Sat May 15 00:17:30 EDT 2004

Sayan,

I am most familiar with how PCA works and the particular strategies 
used to speed the calculations, both in general and within ITK 
specifically. Moreover, I understand that a data set such as mine does 
defeat the ITK optimization, as I mentioned earlier.

>> (Though I do realize that a dataset such as mine with more images 
>> than pixels per image does defeat some of the optimizations rolled 
>> in...)

Nevertheless, calculating the inner product A'A (a ~1000x1000 matrix) 
and its eigenvectors *SHOULD* take a minute at most. To verify this, I 
performed the same calculations in ITK on my machine, matlab on a 450 
Mhz sparcII, and on numerical python on my machine.

ITK takes about 10-15 minutes to compute the PCA decomposition for 1100 
images of 300 px each. Now my test results:

First: Matlab calculates eig(A'*A) in about 30 sec, even when A is 300 
x 1100. This is the "particularly slow way" of getting the results, as 
I mentioned earlier.
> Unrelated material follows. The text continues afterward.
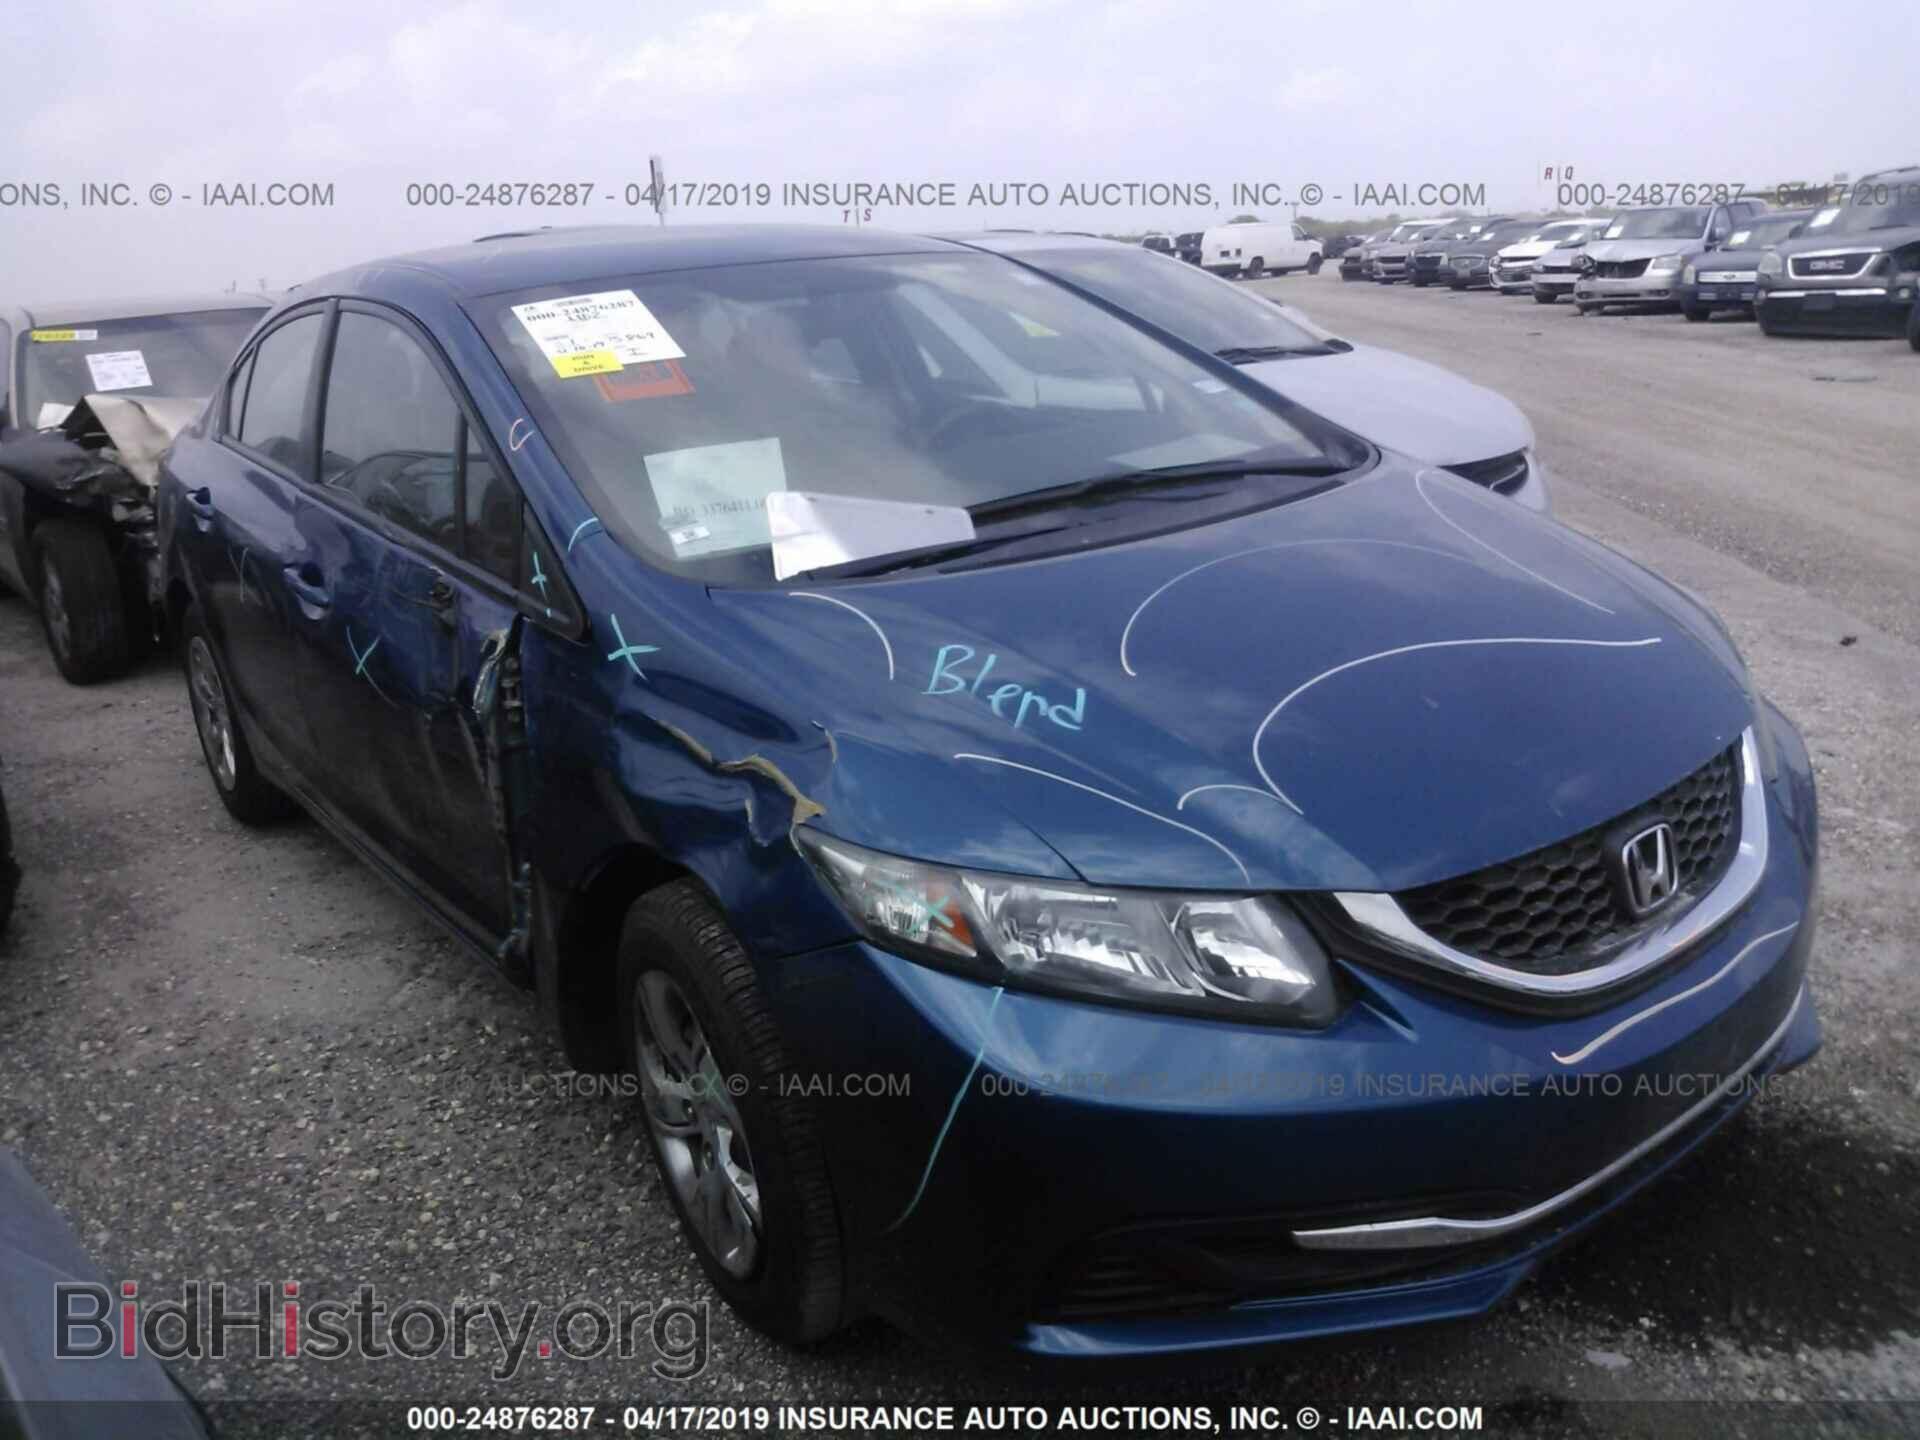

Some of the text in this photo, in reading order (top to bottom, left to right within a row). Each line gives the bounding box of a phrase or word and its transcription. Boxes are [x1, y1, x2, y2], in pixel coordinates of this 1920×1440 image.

[1544, 166, 1554, 181] R
[1564, 166, 1574, 181] Q
[921, 644, 1086, 731] Blend
So there is a true and significant difference 
between Matlab and the ITK/VNL code, *regardless* of the fact that my 
data set is a strange shape.

Second: For a better comparison than matlab running on another machine, 
I ran some numeric python code to compute the eigenvectors of A'A on my 
personal machine. This calls BLAS and LAPACK, and even for the 300x1000 
case, the calculation completes within a minute. So, again, the ITK PCA 
routine is seeing a profound slowdown somewhere.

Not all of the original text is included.